Among the sites the commission has redeveloped are a former tannery, a town pier, a church, a fire station, schools and several mills, which now are home for small businesses, restaurants and housing.

Biddeford has been successfully redeveloped. One of the mills contains 1,191 solar panels and produces 437,320 kilowatt hours of clean energy yearly. With help from the commission, a former church now is a public library powered by solar panels. The organization’s diverse project list, from multimillion-square-foot mills to former gas stations, allows its Brownfields program to serve as a blueprint for a variety of options.

The commission’s innovative process of identifying projects, funding assessments, helping with cleanup, and eventual redevelopment is a model for any municipality. Its approach involving communication with municipal, non-profit organizations and the for-profit development sector has enabled the commission to maximize the benefits of financial investments.

• Pottle’s Transportation’s values include giving back to the community and the environment. Pottle’s recycles paper products and reuses waste oil for heating oil. It takes significant steps to improve air quality, including buying Volvo sleepers trucks that travel an average of 120,000 miles a year, come with multiple safety features, and have features that allow for improved fuel mileage.

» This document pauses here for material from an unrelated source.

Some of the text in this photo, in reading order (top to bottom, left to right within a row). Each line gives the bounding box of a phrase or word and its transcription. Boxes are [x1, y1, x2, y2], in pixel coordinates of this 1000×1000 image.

The company spends an average of $10,000 extra per truck so all of trucks are equipped with auxiliary power units and don’t have to idle. In addition, every driver is eligible for a quarterly fuel bonus that includes low idle, which has led to a decrease in idling. The company seeks to demonstrate the importance of air quality to other companies in the trucking industry, and its own employees and drivers.

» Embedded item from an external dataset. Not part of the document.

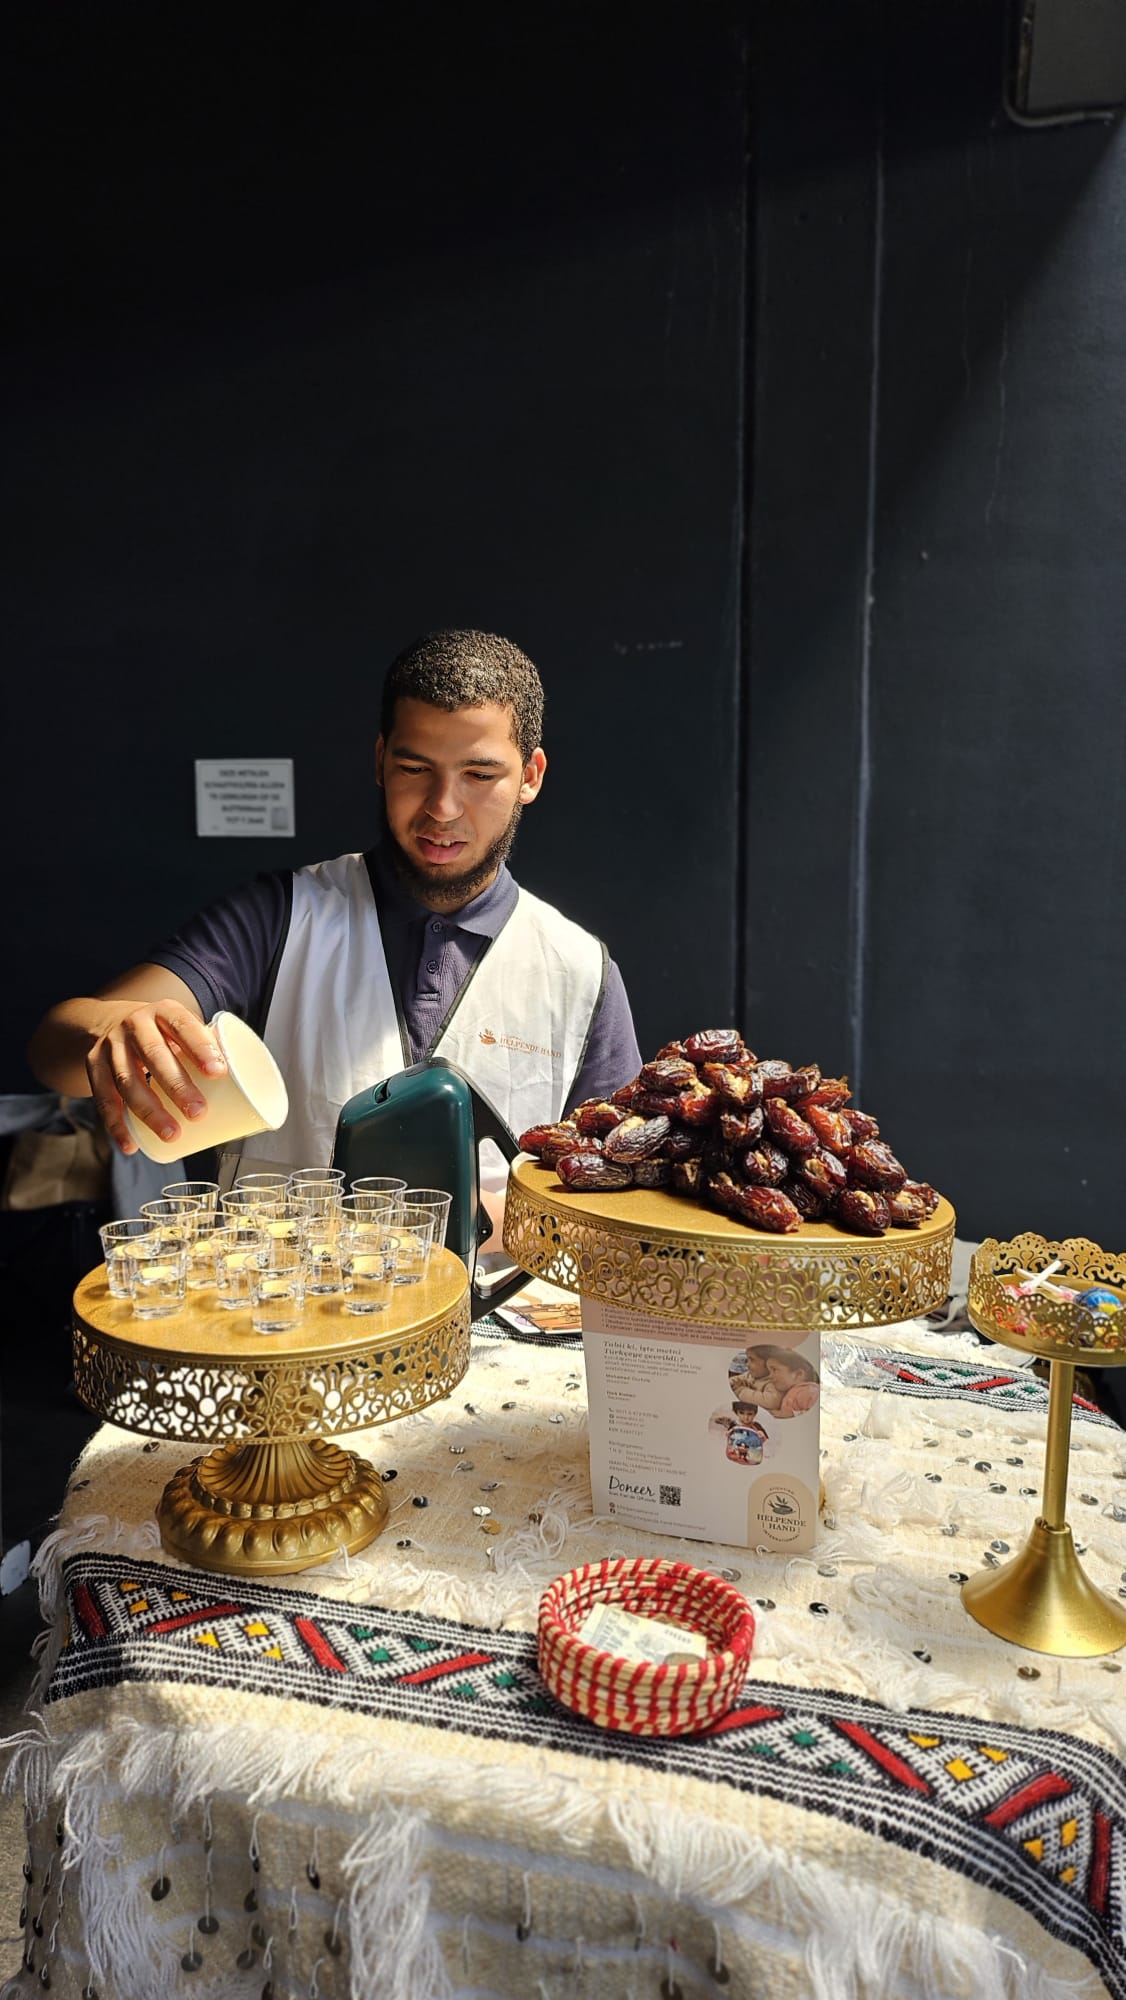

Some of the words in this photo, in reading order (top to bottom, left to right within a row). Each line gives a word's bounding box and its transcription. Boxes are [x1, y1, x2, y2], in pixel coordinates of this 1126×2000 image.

[609, 1475, 655, 1497] Doneer
[757, 1513, 807, 1527] HELPENDE
[769, 1523, 796, 1532] HAND

• Agri-Cycle’s core mission is to divert food waste from incinerators and landfills in an environmentally responsible way. Using anaerobic digesters, the company converts food into clean renewable energy.

Agri-Cycle, which began in 2012, collects and processes food waste from more than 1,500 restaurants, markets, colleges, hotels and other partners. Tonnage has jumped from 32,121 in 2017 to 54,380 in 2019. Agri-Cycle also works with food banks and pantries to help feed the undernourished. By sending zero food waste to landfills, Agri-Cycle is reducing greenhouse gas emissions and soil and water contamination while turning waste into electricity.

Agric-Cycle is located on a fifth-generation dairy farm in Exeter, where the digestion process supports the family’s goal of sustaining a traditional operation through innovative, environmentally responsible strategies. Amid growing demand and awareness of the benefits of anaerobic digestion, the Agri-Cycle team has supported others new to the field. The company believes in the mission and in creating a strong network of partners striving for a sustainable New England.

• In addition to these award winners, Ronald Poltak of New Hampshire, was given the Ira Leighton “In Service to States” annual award for environmental achievement that has had an outsized impact in the state, the region, and nationally. The award recognized Poltak for his work at the helm of the New England Interstate Water Pollution Control Commission for 37 years until his retirement in 2017.